1.3實驗分組：實驗設正常對照組(Normoxia)、缺氧復氧組(H/R)、DQ798預處理組高、中、低劑量組(2.5、5和10mg/L)，共5組，每組設6復孔。除正常對照組外，其他各組均缺氧處理3h再復氧3h，正常對照組則於37℃、5％CO2培養箱中同步孵育6h。

1.4 MTT檢測方法：取出各組樣本，每孔加入20ul MTT(5g/L)，於37℃、5％CO2箱中繼續孵育4h，終止培養，倒板。加入150ul DMSO振搖15min，使結晶充分溶解，於測定波長570nm、參考波長630nm處，測定各孔吸亮度(OD)值。

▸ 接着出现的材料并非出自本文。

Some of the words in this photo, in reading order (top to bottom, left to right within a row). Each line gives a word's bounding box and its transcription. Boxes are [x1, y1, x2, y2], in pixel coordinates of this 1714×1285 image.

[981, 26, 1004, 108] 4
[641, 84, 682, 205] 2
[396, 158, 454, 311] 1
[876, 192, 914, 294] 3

MTT代謝率(％)＝實驗組OD值/正常對照組OD值X 100％

1.5線粒體活性檢測:按照線粒體活性試劑盒(Abcam,USA)標準操作，多孔讀板儀(Infinite M200pro microplate reader)讀取螢光強度(590nm/550nm)計算活性強度。

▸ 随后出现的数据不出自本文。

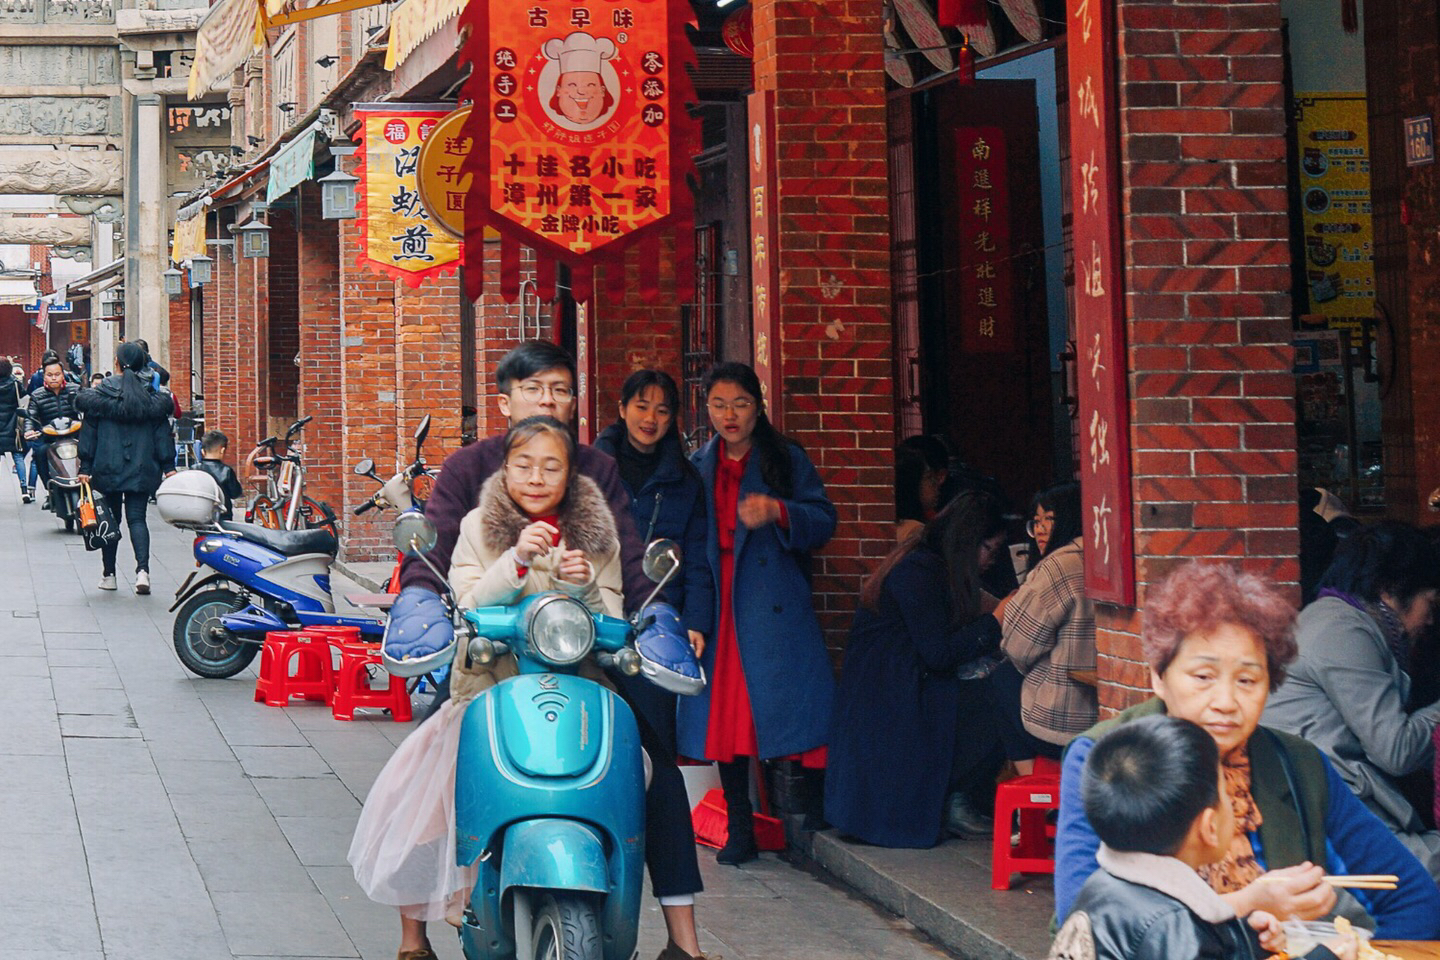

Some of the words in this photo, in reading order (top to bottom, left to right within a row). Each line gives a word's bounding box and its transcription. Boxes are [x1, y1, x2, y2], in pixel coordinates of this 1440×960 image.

[528, 6, 634, 29] 古早味
[496, 49, 516, 118] 纯手工
[643, 52, 664, 124] 零添加
[503, 153, 657, 179] 十佳名小吃
[503, 182, 658, 208] 漳州第一家
[541, 214, 620, 234] 金牌小吃

1.6生化指標檢測：取培養於24孔板的各組細胞培養上清液，用比色法測定LDH、CK活性，用黃嘌呤氧化酶法測定細胞內SOD活性；用硫代巴比妥酸比色法測定細胞內MDA含量，具體檢測過程及操作方法按試劑盒說明書進行。

2.實驗結果：

2.1 DQ798顯著提高心肌細胞存活率

與Normoxia組比較，H/R組細胞存活率明顯降低(P<0.01)。2.5、5和10mg/L DQ798預處理組能夠提高細胞存活率，其作用並呈濃度依賴關係。5和10mg/L DQ798預處理組明顯提高細胞存活率為76.04％(P<0.01)和82.44％(P<0.001)，結果如圖2所示。

2.2 DQ798顯著提高心肌細胞線粒體活性

體外培養心肌細胞由缺氧復氧誘導損失後，線粒體功能異常，氧化呼吸鏈受損，ATP產生減少。通過快速檢測細胞內線粒體活性，可以提示化合物對線粒體損失的保護作用。本實驗結果顯示：2.5、5和10mg/L DQ798預處理組，螢光分光亮度計測得螢光強度顯著高於H/R組，表明均可顯著增加線粒體活性(P<0.01)，結果如圖3所示，說明DQ798能對抗缺氧復氧對心肌細胞線粒體的損害，可能通過保護線粒體功能發揮心肌細胞保護作用。

2.3 DQ798顯著降低缺氧誘導心肌酶升高

缺氧復氧導致心肌細胞損傷時，心肌損傷標誌物LDH和CK將明顯升高。2.5、5和10mg/L DQ798預處理組的3個劑量組與H/R組相比，LDH、CK均明顯降低，表明DQ798可在急性缺氧條件下保護心肌細胞，上述結果見圖4。

3實驗結論

DQ798可顯著提高急性缺氧復氧誘導的心肌細胞存活率和線粒體活性，降低心肌酶釋放，減輕細胞氧化損傷，對體外培養的心肌細胞缺氧損傷表現出具有顯著的保護作用，提示了DQ798在製備抗急性心肌缺血藥物中的用途。